EXERCISE DESCRIPTION >>
Would you please repeat all of the data exactly, omitting the pictures?

___ DATA ___

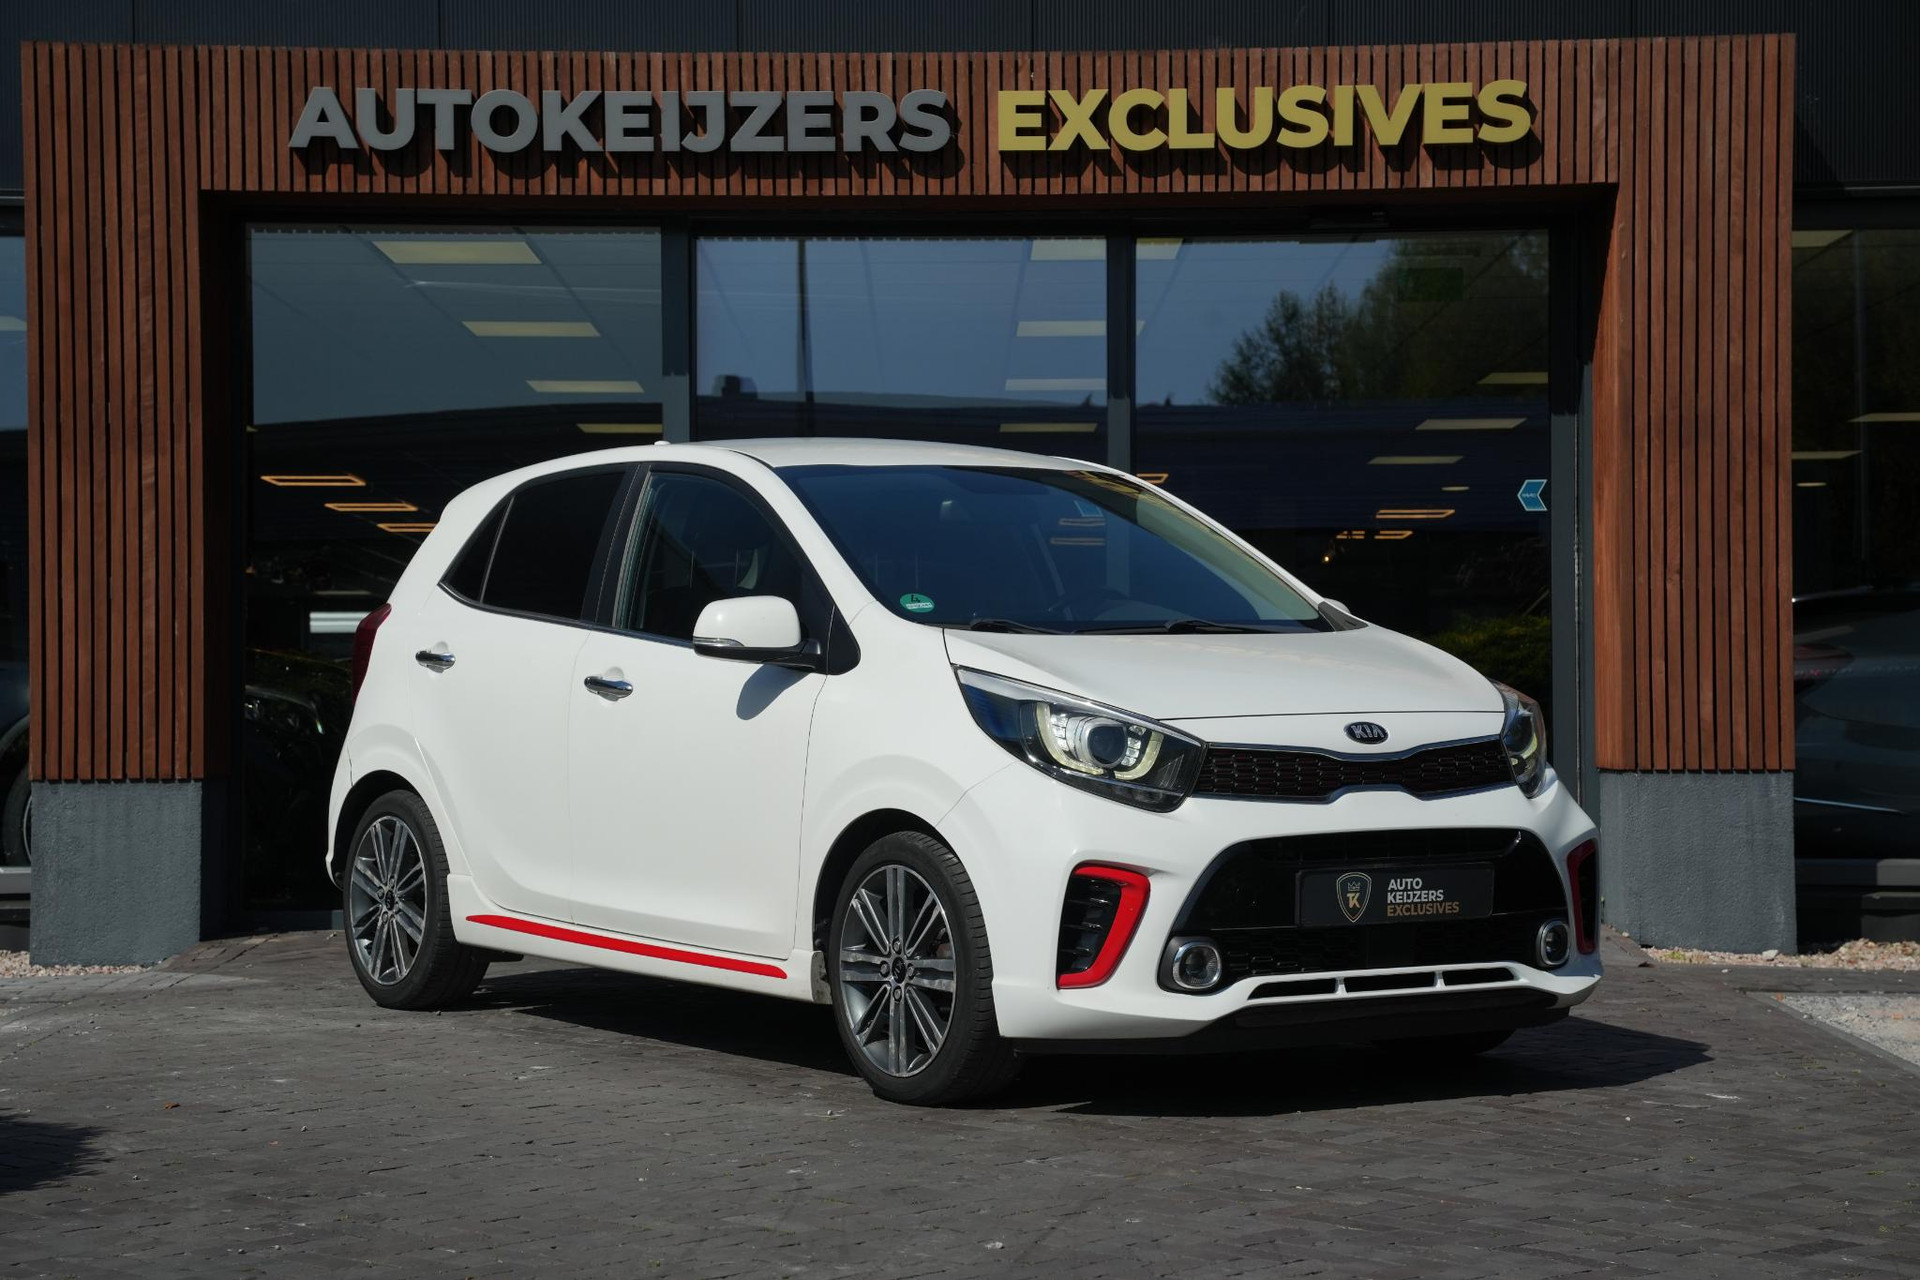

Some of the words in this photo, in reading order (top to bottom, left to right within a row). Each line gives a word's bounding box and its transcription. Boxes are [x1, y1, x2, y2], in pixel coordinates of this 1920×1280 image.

[289, 86, 953, 153] AUTOKEIJZERS
[998, 79, 1532, 152] EXCLUSIVES
[1350, 724, 1385, 739] KIA
[1388, 878, 1422, 890] AUTO
[1387, 889, 1444, 904] KEIJZERS
[1387, 901, 1460, 917] EXCLUSIVES

___

WORKED SOLUTION >>
Some of the words in this photo, in reading order (top to bottom, left to right within a row). Each line gives a word's bounding box and its transcription. Boxes are [x1, y1, x2, y2], in pixel coordinates of this 1920×1280 image.

[289, 86, 953, 153] AUTOKEIJZERS
[998, 79, 1532, 152] EXCLUSIVES
[1350, 724, 1385, 739] KIA
[1388, 878, 1422, 890] AUTO
[1387, 889, 1444, 904] KEIJZERS
[1387, 901, 1460, 917] EXCLUSIVES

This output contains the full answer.